Exact copy, no pictures: repeat the data that follows.

SOURCE RECORDS:

○ ○ ○ ○ ○

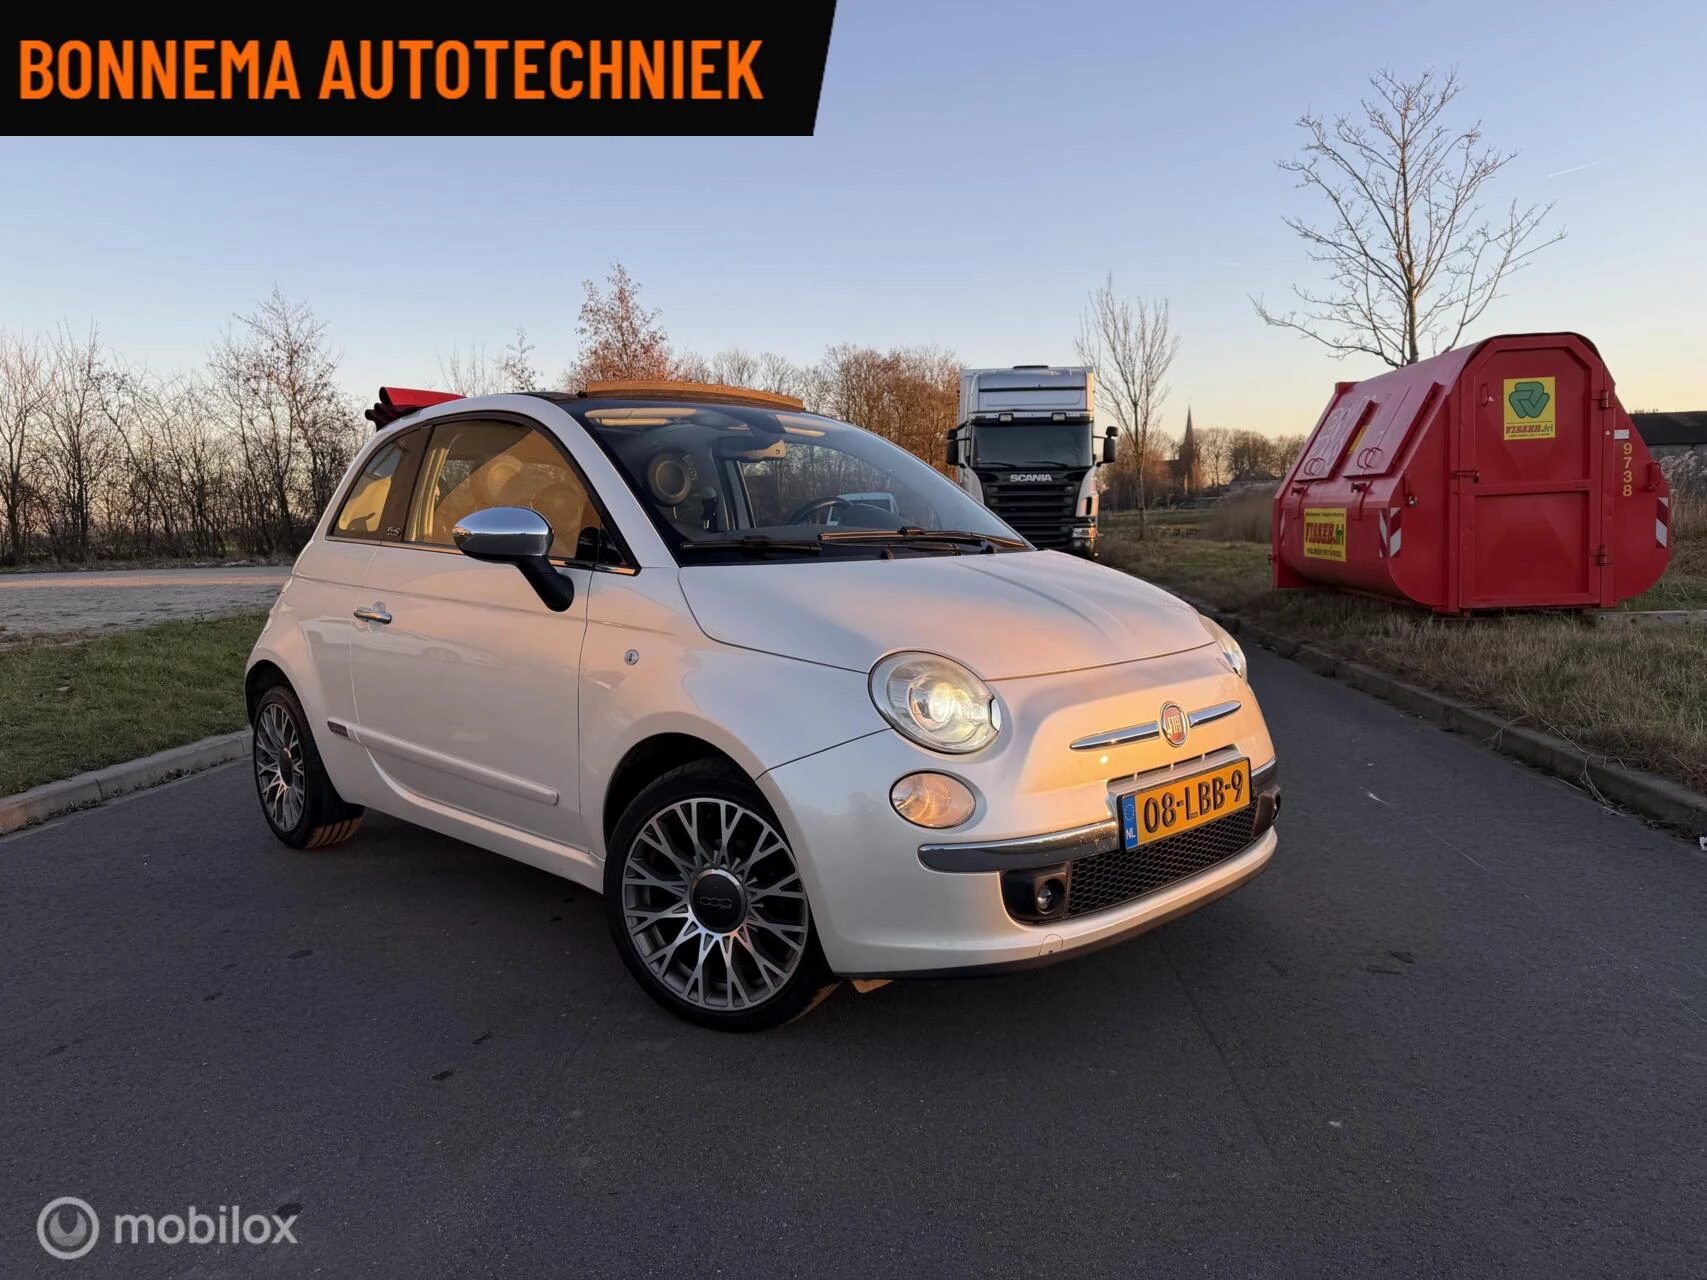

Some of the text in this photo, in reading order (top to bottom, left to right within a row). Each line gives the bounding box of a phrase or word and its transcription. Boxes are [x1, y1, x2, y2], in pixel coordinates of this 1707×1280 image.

[1010, 474, 1053, 482] SCANIA
[1623, 443, 1632, 496] 9738
[1143, 769, 1243, 834] 08-LBB-9
[1125, 828, 1136, 840] NL
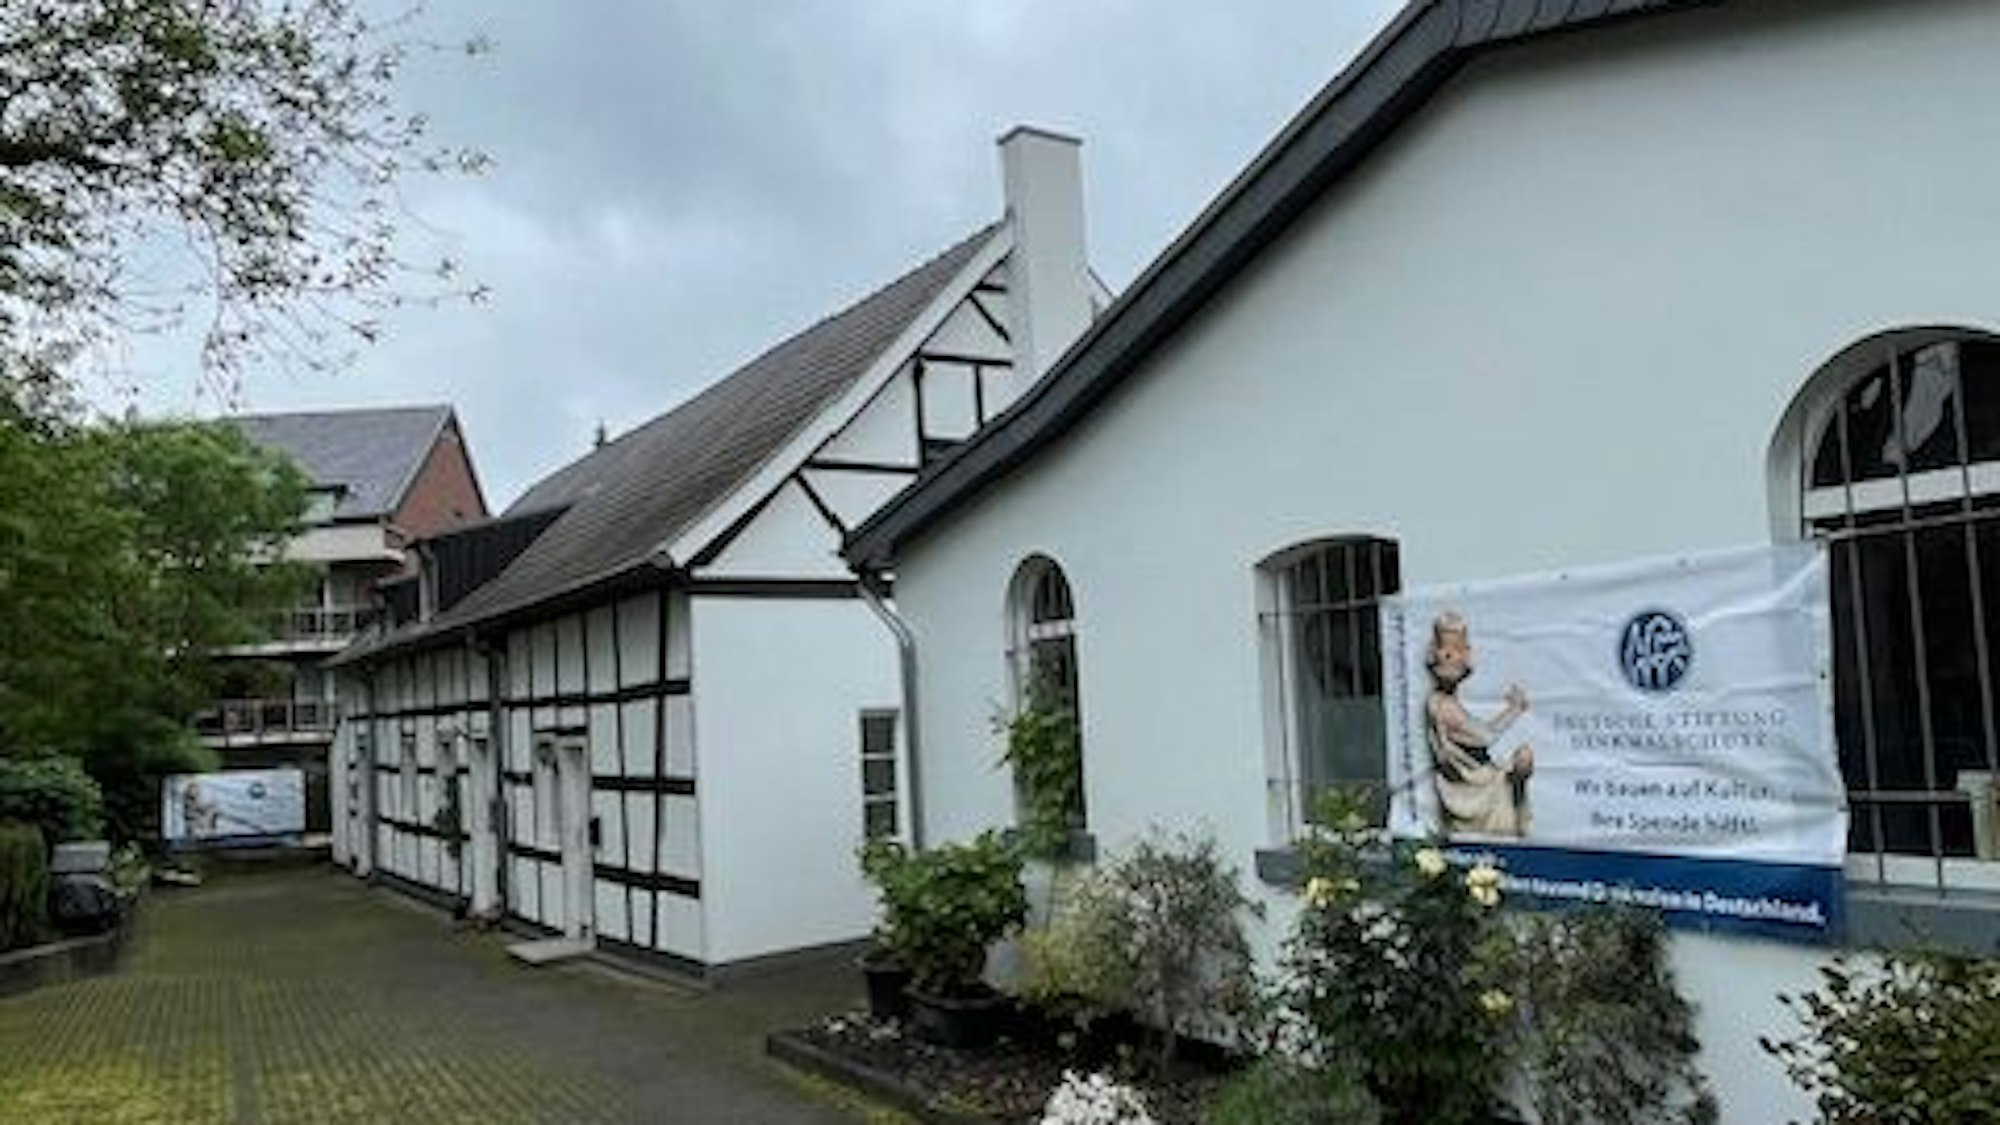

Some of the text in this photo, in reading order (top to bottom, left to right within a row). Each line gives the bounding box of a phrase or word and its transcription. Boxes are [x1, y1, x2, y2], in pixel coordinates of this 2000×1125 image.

[1665, 708, 1787, 727] STIFTUNG
[1604, 779, 1663, 797] bauen
[1666, 779, 1701, 798] auf
[1628, 812, 1700, 836] Spende
[1703, 889, 1829, 927] Deutschland.
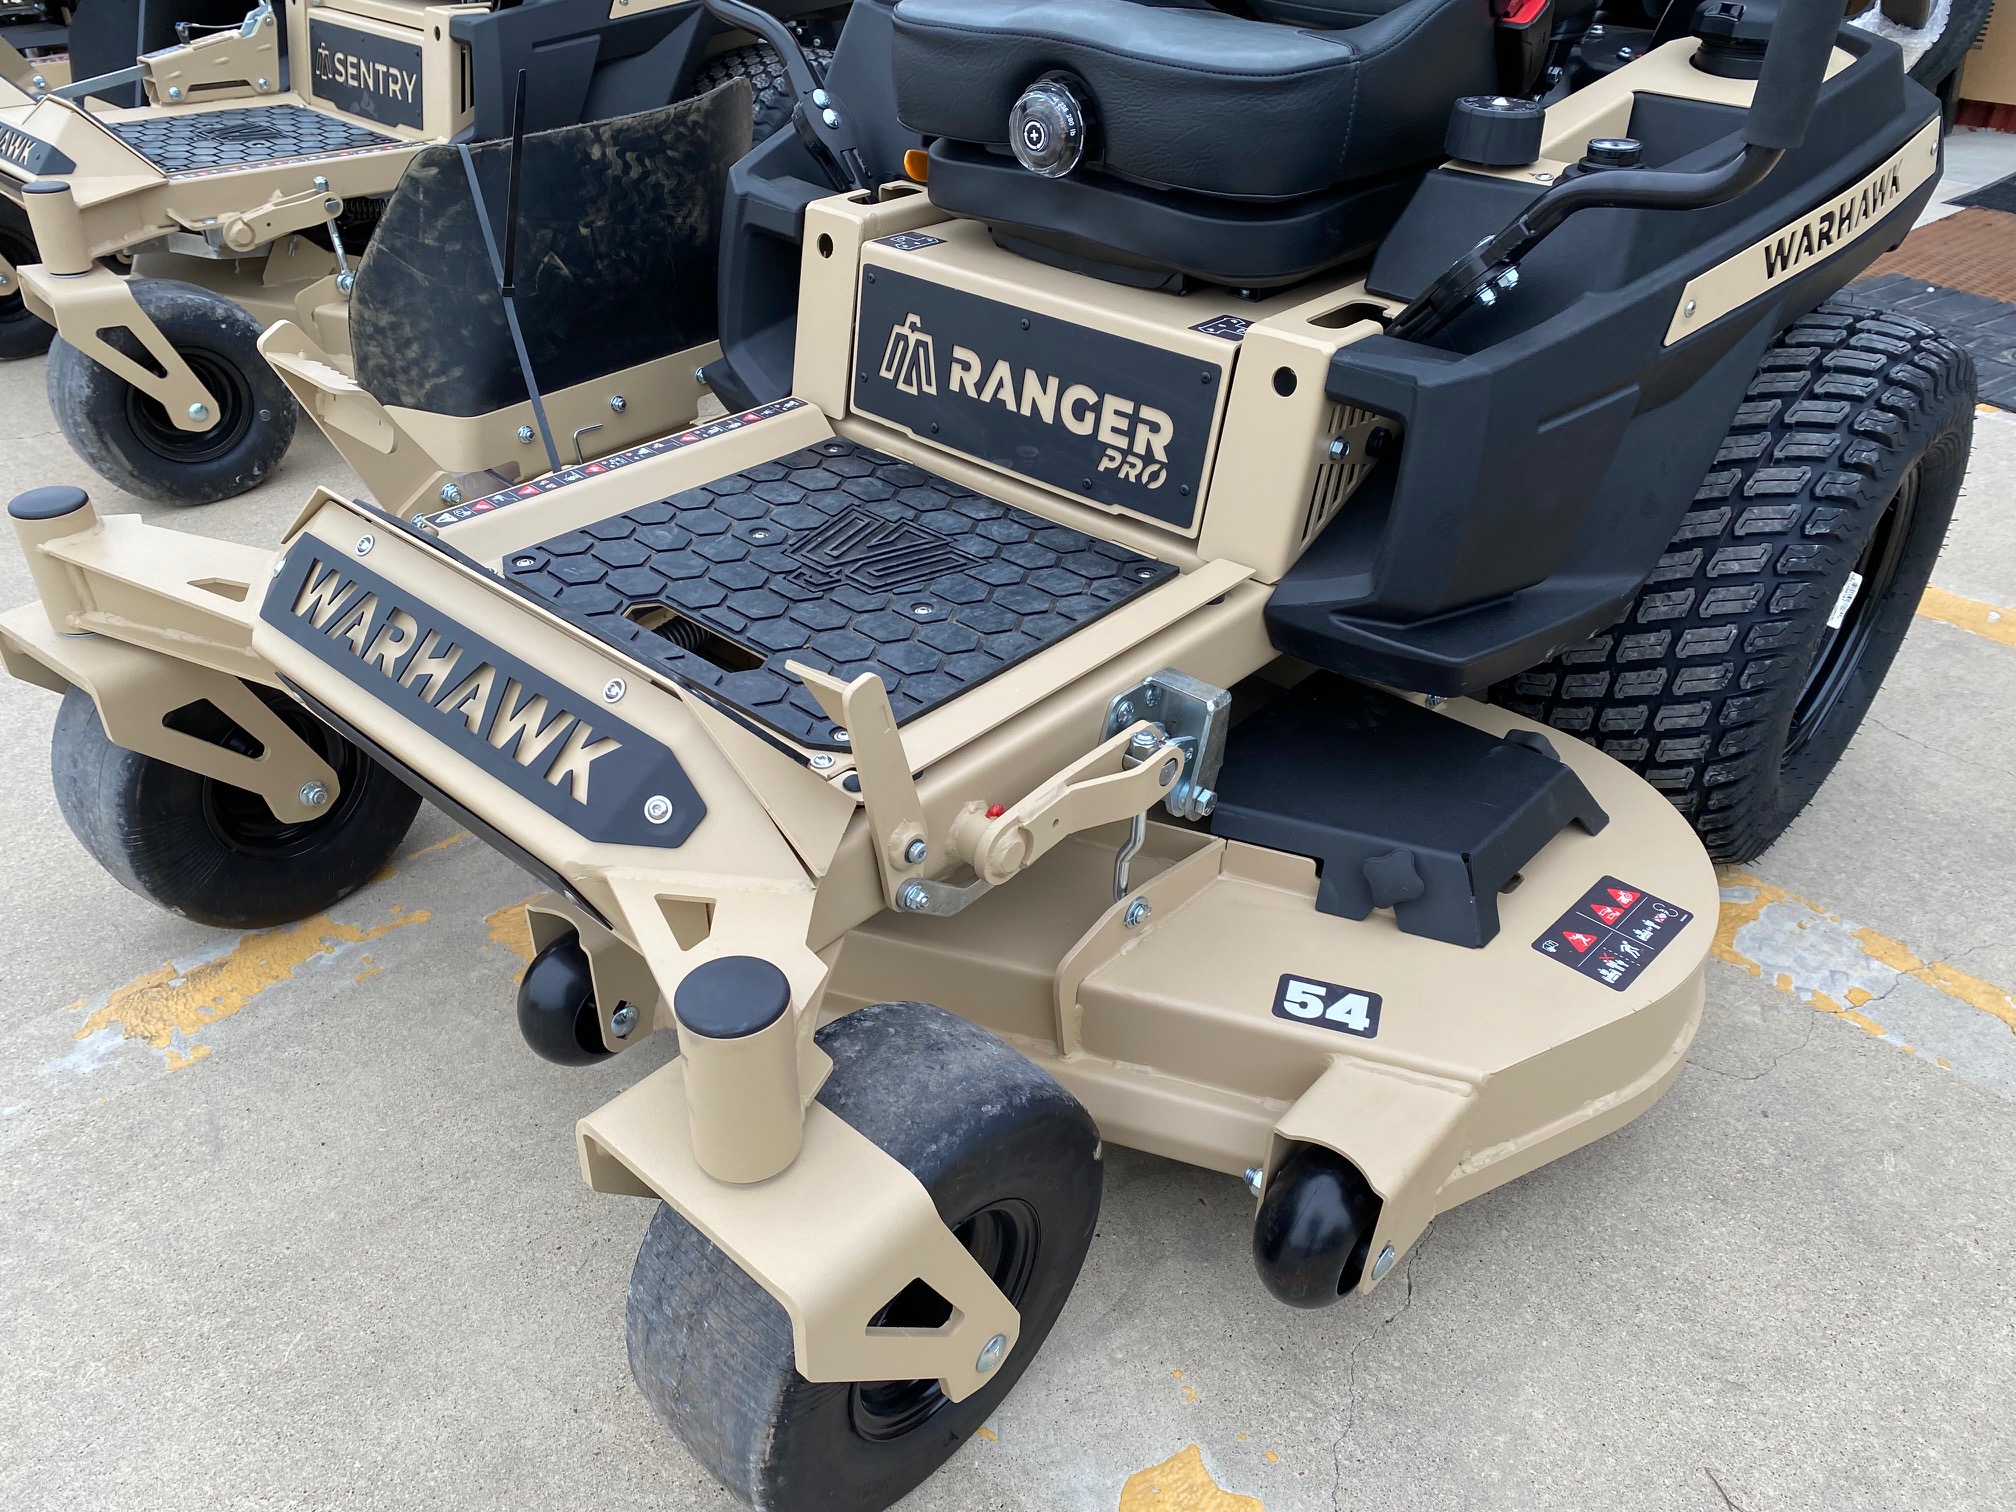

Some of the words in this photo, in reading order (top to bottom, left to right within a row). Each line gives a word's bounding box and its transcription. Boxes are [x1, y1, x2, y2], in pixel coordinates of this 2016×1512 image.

[334, 52, 418, 103] SENTRY
[0, 126, 36, 165] AWK
[1764, 158, 1903, 280] WARHAWK
[949, 345, 1174, 463] RANGER
[1098, 448, 1168, 489] PRO
[290, 557, 623, 806] WARHAWK
[1283, 980, 1370, 1031] 54

○ ○ ○ ○ ○

EXERCISE SOLUTION:
Some of the text in this photo, in reading order (top to bottom, left to right within a row). Each line gives the bounding box of a phrase or word and its transcription. Boxes are [x1, y1, x2, y2], in pixel coordinates of this 1707×1280 image.

[1010, 474, 1053, 482] SCANIA
[1623, 443, 1632, 496] 9738
[1143, 769, 1243, 834] 08-LBB-9
[1125, 828, 1136, 840] NL

Some of the text in this photo, in reading order (top to bottom, left to right within a row). Each line gives the bounding box of a phrase or word and its transcription. Boxes are [x1, y1, x2, y2], in pixel coordinates of this 2000×1125 image.

[1665, 708, 1787, 727] STIFTUNG
[1604, 779, 1663, 797] bauen
[1666, 779, 1701, 798] auf
[1628, 812, 1700, 836] Spende
[1703, 889, 1829, 927] Deutschland.

Some of the words in this photo, in reading order (top to bottom, left to right within a row). Each line gives a word's bounding box and its transcription. Boxes are [x1, y1, x2, y2], in pixel coordinates of this 2016×1512 image.

[334, 52, 418, 103] SENTRY
[0, 126, 36, 165] AWK
[1764, 158, 1903, 280] WARHAWK
[949, 345, 1174, 463] RANGER
[1098, 448, 1168, 489] PRO
[290, 557, 623, 806] WARHAWK
[1283, 980, 1370, 1031] 54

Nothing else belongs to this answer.